07 jun 2018

Voluntários realizam campanha para incentivar doação de medula óssea, em Betim

doação

A campanha Quinta do Bem, de incentivo a doação de medula óssea, está de volta ao Centro Administrativo João Paulo II. No próximo dia 14 de junho, a quarta edição será realizada na sede do governo municipal de Betim. A campanha é idealizada pela jornalista Flávia Freitas, em parceria com a Fundação Hemominas. Em Betim, as secretarias municipais de Saúde e Comunicação também apoiam a ação. O objetivo do evento é incentivar o cadastro para doação de medula óssea e ajudar a salvar vidas de pessoas em tratamento contra a leucemia.

Para participar, os interessados devem levar o documento de identidade. Qualquer cidadão com idade entre 18 e 55 pode se cadastrar como doador de medula óssea. Ao todo, 50 pessoas serão cadastradas no dia 14. Em seguida, os dados pessoais preenchidos no formulário, juntamente com 5 ml de sangue coletado (similar a coleta de exame de sangue normal), são encaminhados para o Registro Nacional de Doadores de Medula Óssea (Redome).

Voluntários da campanha serão responsáveis pelo preenchimento do formulário e será a Fundação Hemominas a responsável pela coleta da amostra de sangue.
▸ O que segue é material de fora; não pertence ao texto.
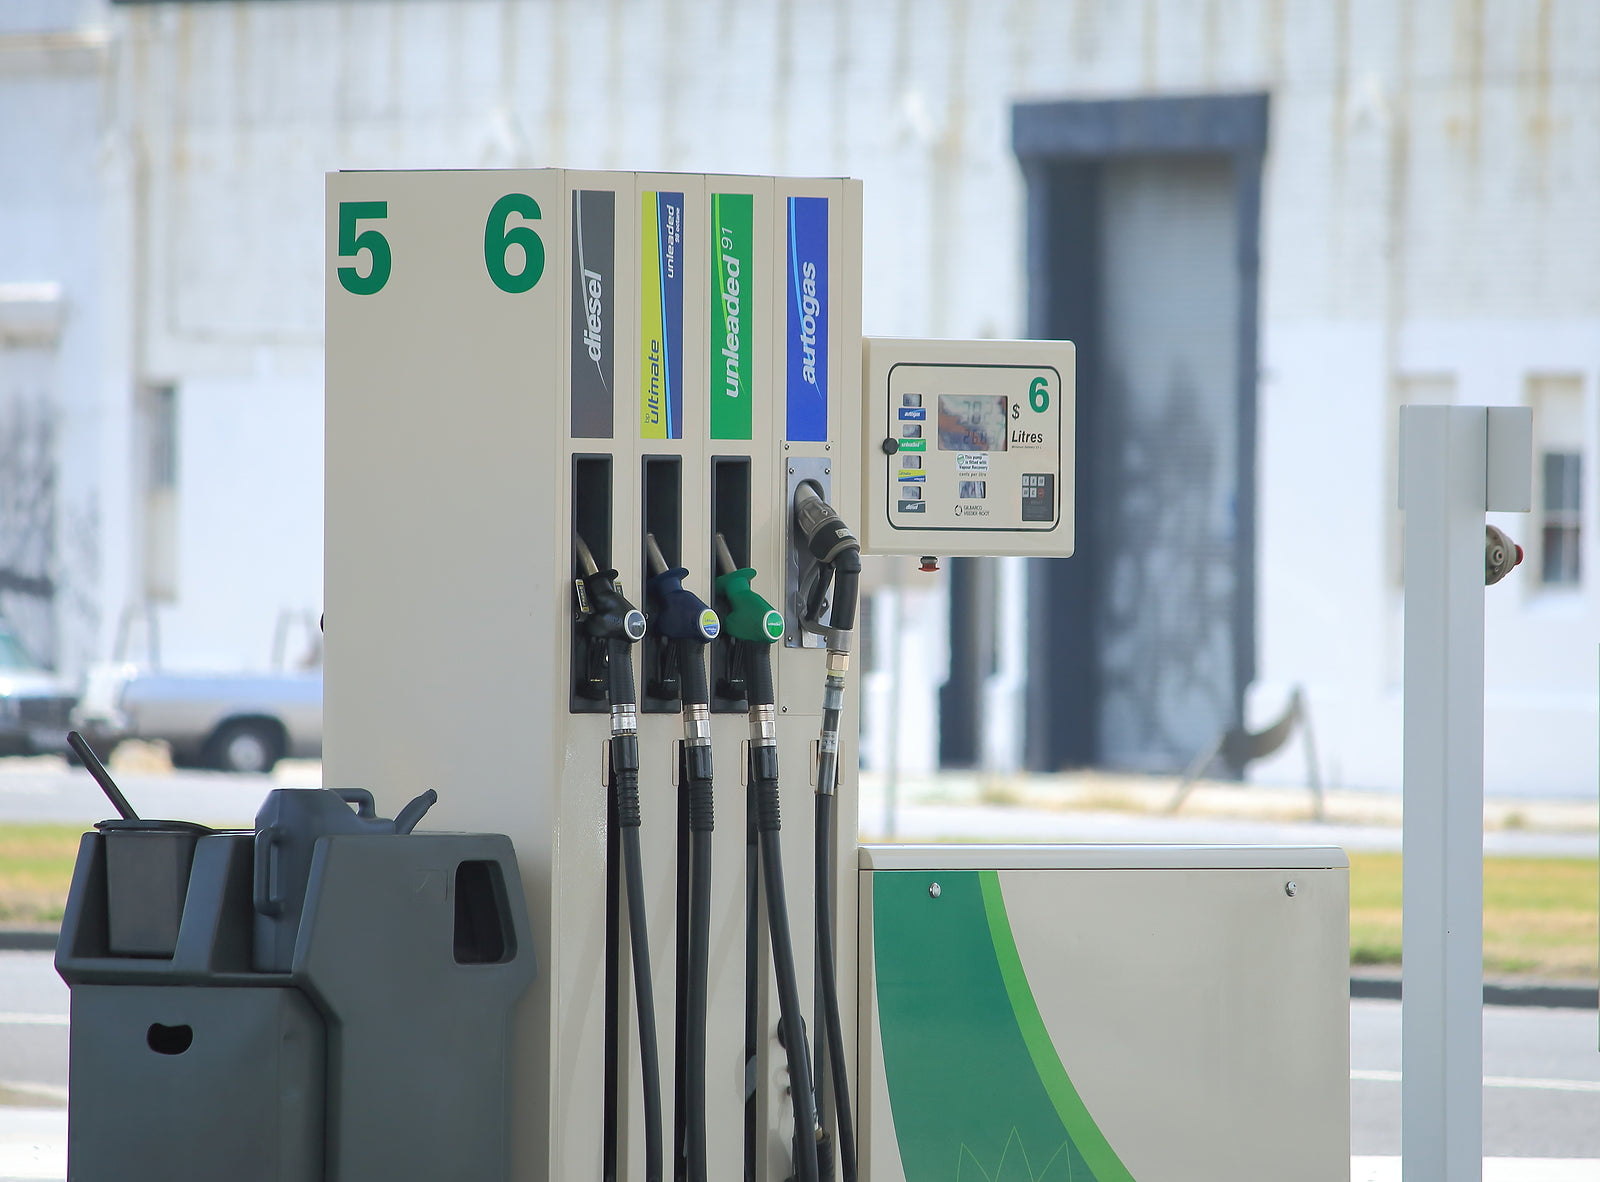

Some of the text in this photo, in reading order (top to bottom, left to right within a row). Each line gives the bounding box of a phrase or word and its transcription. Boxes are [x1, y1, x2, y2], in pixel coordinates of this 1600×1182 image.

[336, 200, 393, 296] 5
[484, 193, 546, 294] 6
[665, 204, 675, 279] unleaded
[583, 268, 603, 362] diesel
[720, 226, 741, 399] unleaded 91
[800, 261, 820, 385] autogas
[648, 339, 660, 425] ultimate
[1028, 376, 1050, 413] 6
[1011, 430, 1043, 443] Litres
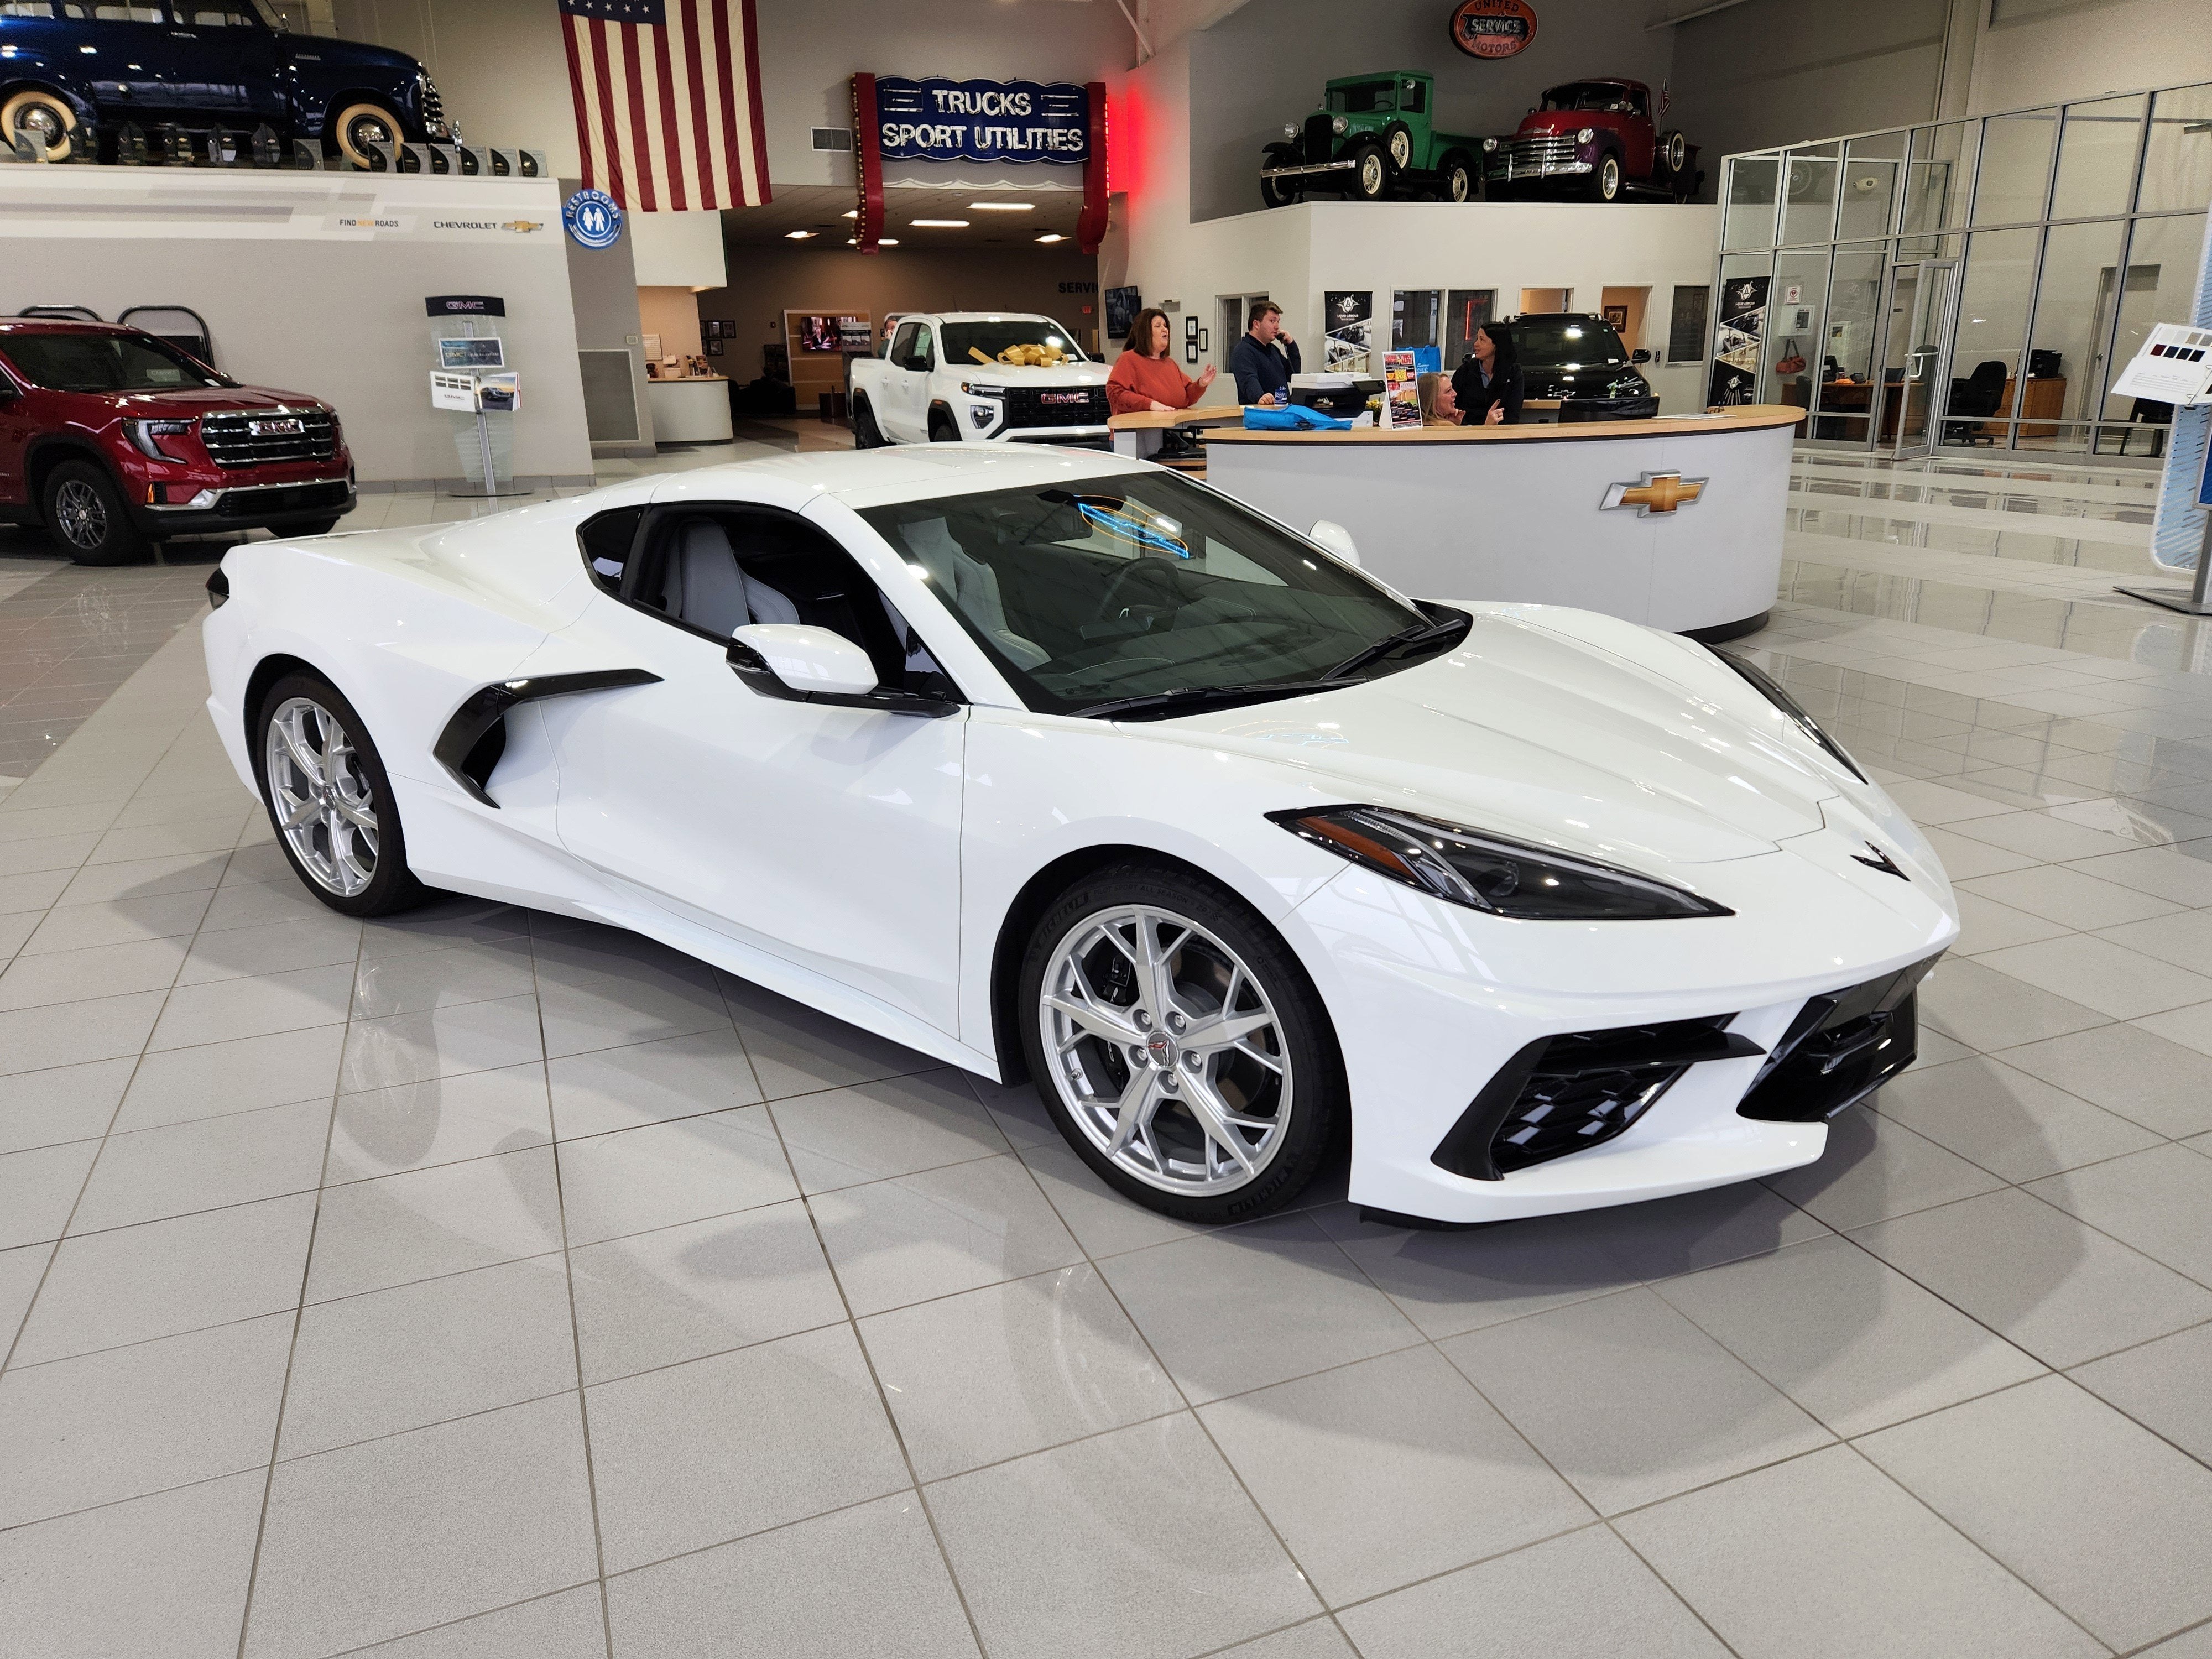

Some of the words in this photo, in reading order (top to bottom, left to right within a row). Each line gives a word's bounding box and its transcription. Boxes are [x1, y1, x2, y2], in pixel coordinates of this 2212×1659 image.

[1475, 0, 1519, 12] UNITED
[1471, 19, 1520, 33] SERVICE
[1472, 41, 1517, 53] MOTORS
[932, 90, 1032, 116] TRUCKS
[882, 123, 967, 148] SPORT
[974, 126, 1084, 151] UTILITIES
[566, 191, 620, 219] RESTROOMS
[434, 221, 497, 229] CHEVROLET
[1041, 392, 1089, 404] GMC
[252, 420, 304, 435] GMC
[1156, 888, 1188, 904] SEASON
Os participantes serão convidados a usar lenço (homens) em apoio à causa.

Para o dia do cadastro está confirmada a presença da servidora pública da Procuradoria-Geral, Eliana Santos, doadora compatível, cadastrada na coleta para doação de medula óssea durante a campanha realizada na Prefeitura de Betim, em 2011. Ela realizou o transplante que salvou a vida de um paciente de leucemia morador de Natal, capital do Rio Grande do Norte, em 2015. Haverá também a distribuição dos exemplares da revista em quadrinhos “A Liga da Quinta do Bem”, criada pela Flávia Freitas, que é servidora da Secretaria de Saúde.

Doação

De acordo com o Ministério da Saúde, as chances de encontrar um doador compatível fora da família é de 1 em 100 mil voluntários. Havendo a compatibilidade genética, o Instituto Nacional do Câncer (Inca)/Ministério da Saúde, órgão responsável por manter os dados sigilosos, entra em contato com o doador para confirmar o interesse da doação. Confirmado o interesse, o doador é chamado para fazer exames complementares. Após a realização dos procedimentos, o transplante é agendado.

A doação é realizada em ambiente hospitalar, quando é coletada a medula óssea na região da bacia do doador – ele sentirá um pequeno incômodo passageiro. Para o leucêmico, o gesto de solidariedade representa a esperança de cura. O cadastro é feito nos hemocentros de todo o país. Em Minas Gerais, os interessados devem procurar a Hemominas.